Confined-space considerations are especially important. Routine external sampling from outside a hatch is not automatically confined-space entry, but the risk assessment must prevent the task from drifting into entry conditions. If a worker must break the plane of the opening with the head or torso, descend into the tank, or perform rescue/retrieval involving entry, then a confined-space program, permit, atmospheric testing, isolation, attendant, communications, and rescue capability are required. Tanks can contain oxygen-deficient, toxic, or flammable atmospheres even after draining. [10] [10] [1]

If confined-space controls are triggered, key requirements include hazard assessment, isolation/lockout, purging or ventilation as needed, calibrated gas monitoring, trained entrants and attendants, communications, rescue notification, and suitable retrieval/fall-arrest equipment. The surrounding area should also be checked for drifting vapours and other external hazards before entry. [1] [1] [1]
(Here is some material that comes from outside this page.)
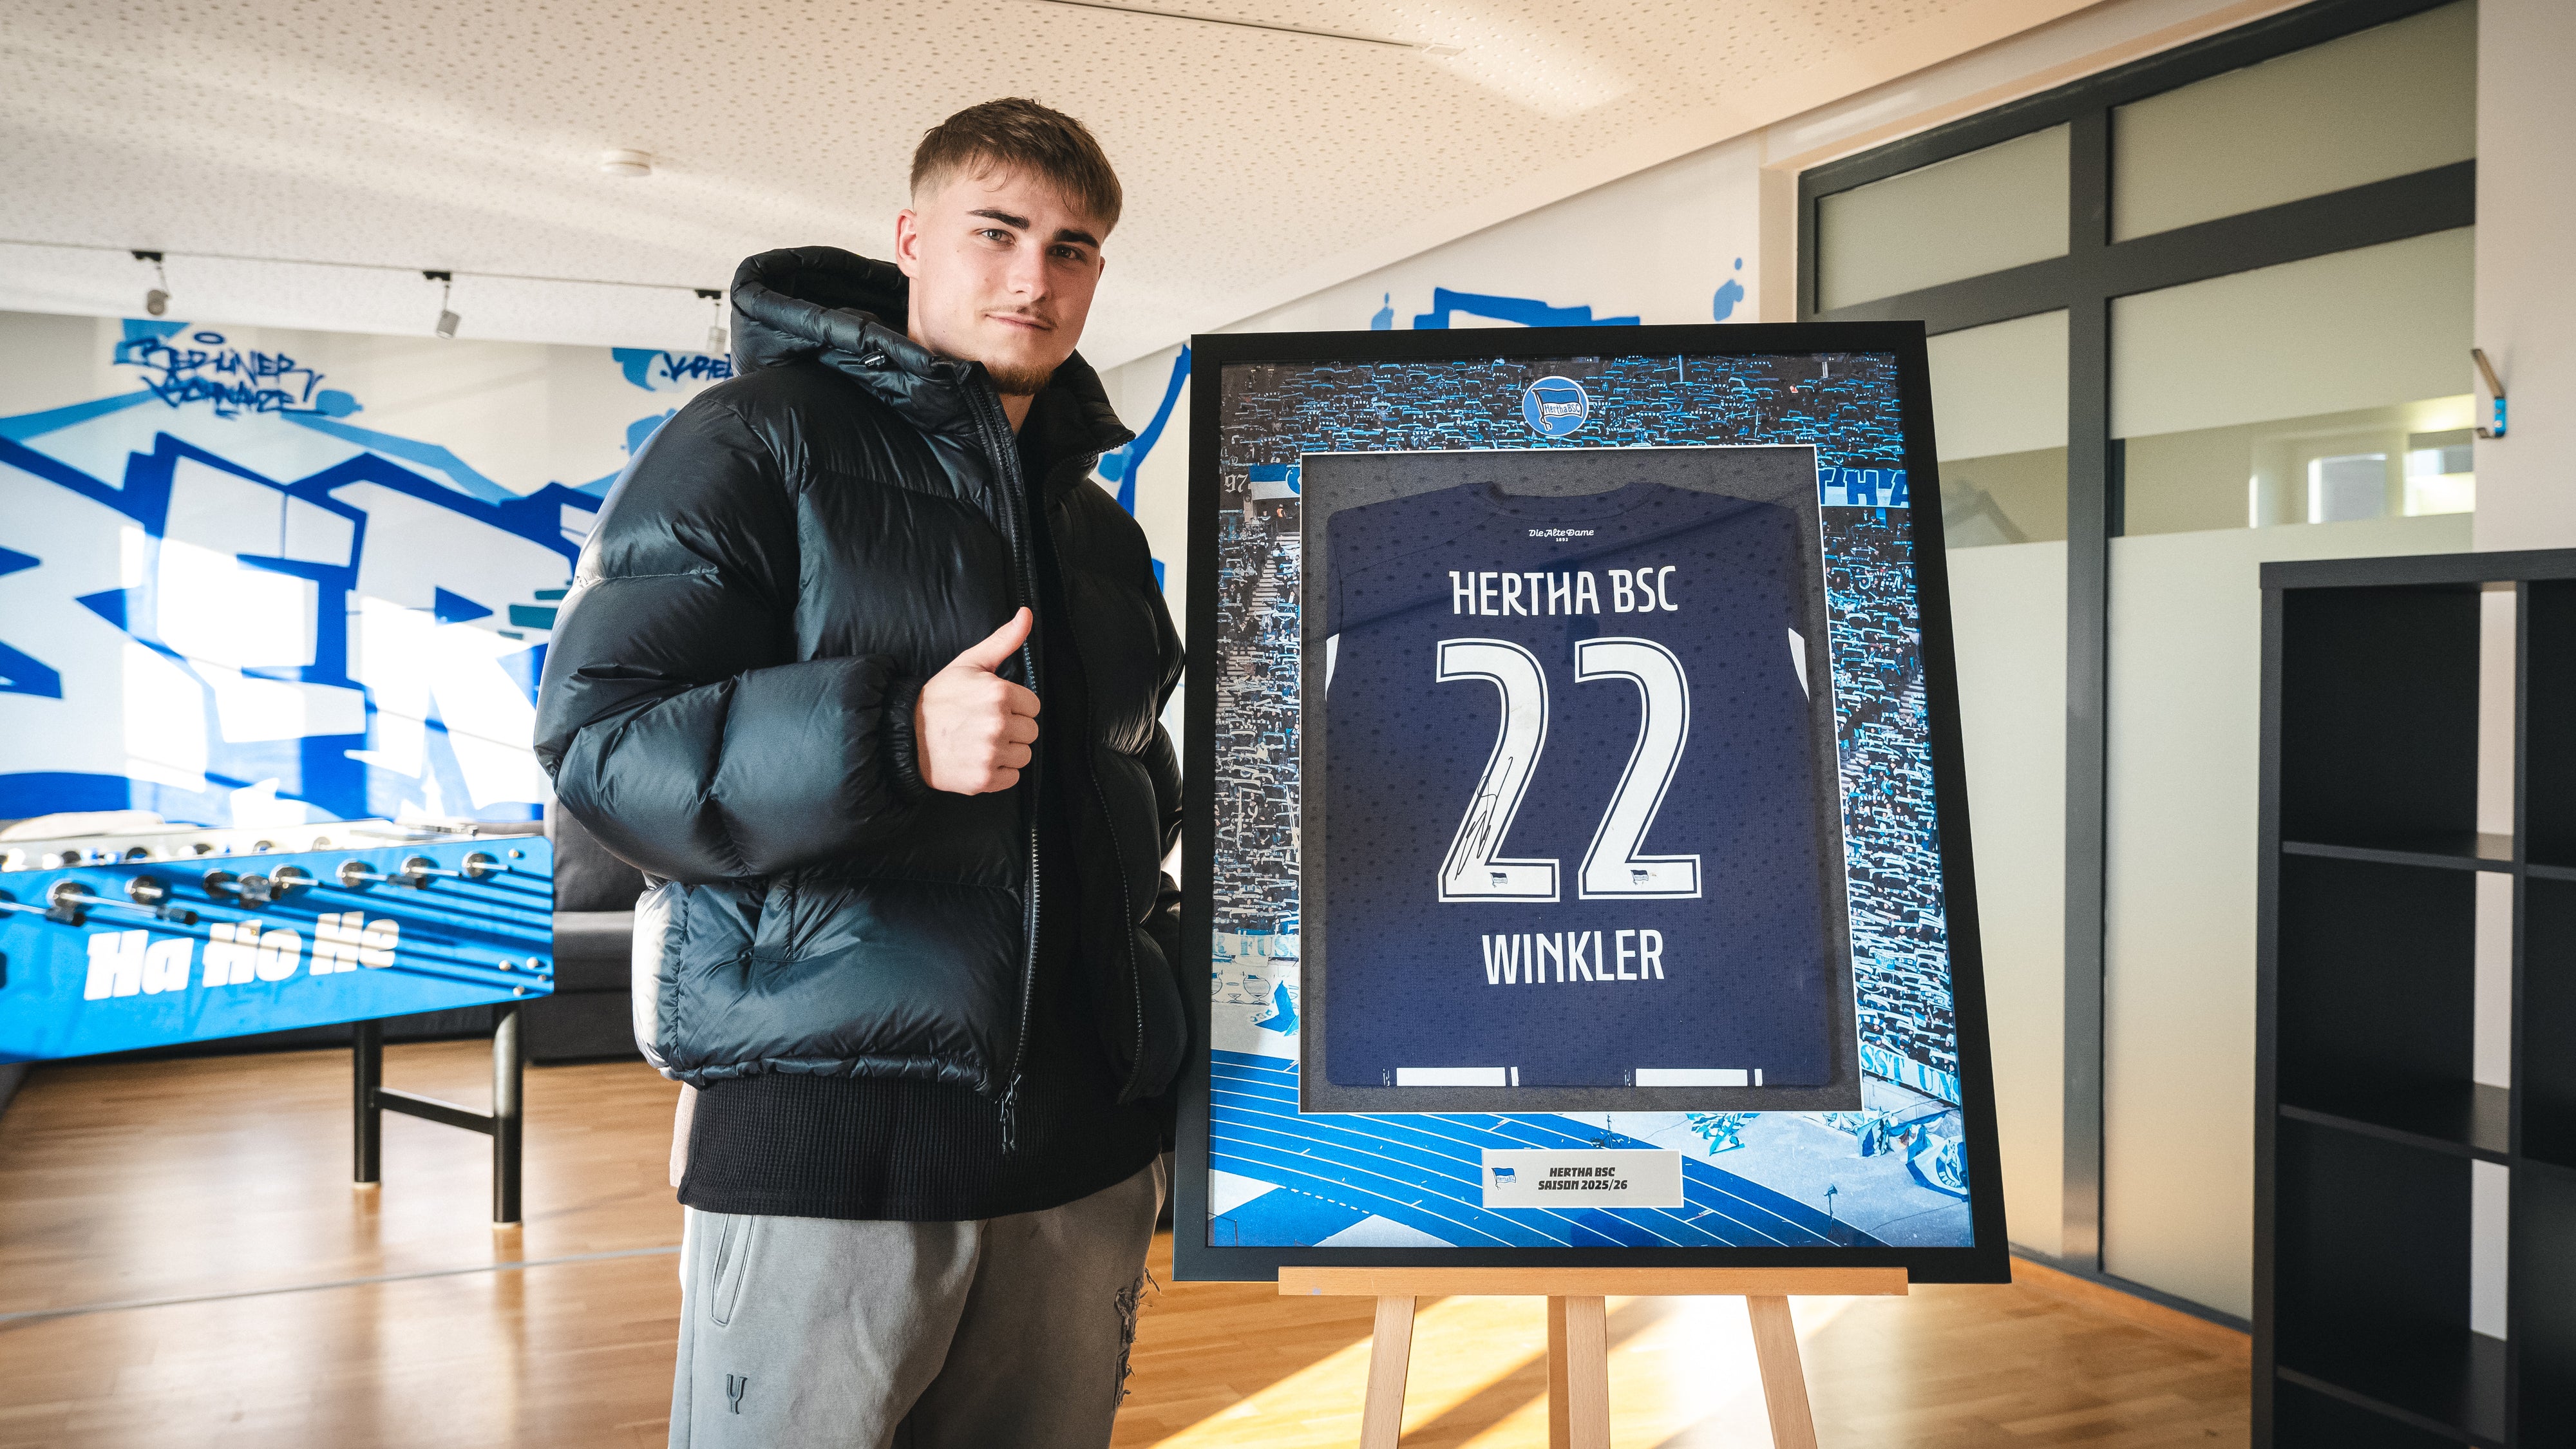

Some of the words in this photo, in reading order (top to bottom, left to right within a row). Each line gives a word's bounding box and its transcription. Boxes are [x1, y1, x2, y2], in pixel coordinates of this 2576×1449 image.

Manual-handling controls should address the weight and awkwardness of sampling devices, tapes, bonding cables, and filled sample bottles. Use the smallest practical sample volume, lightweight equipment, shoulder bags or holsters that keep hands free, and mechanical lifting aids or tag lines for raising/lowering equipment to roofs. Avoid twisting while standing on ladders or curved roofs, and never climb while carrying open containers. Plan the route so samples can be transferred promptly to a secure container rack or transport case.

PPE for this work should be selected from the risk assessment and site rules.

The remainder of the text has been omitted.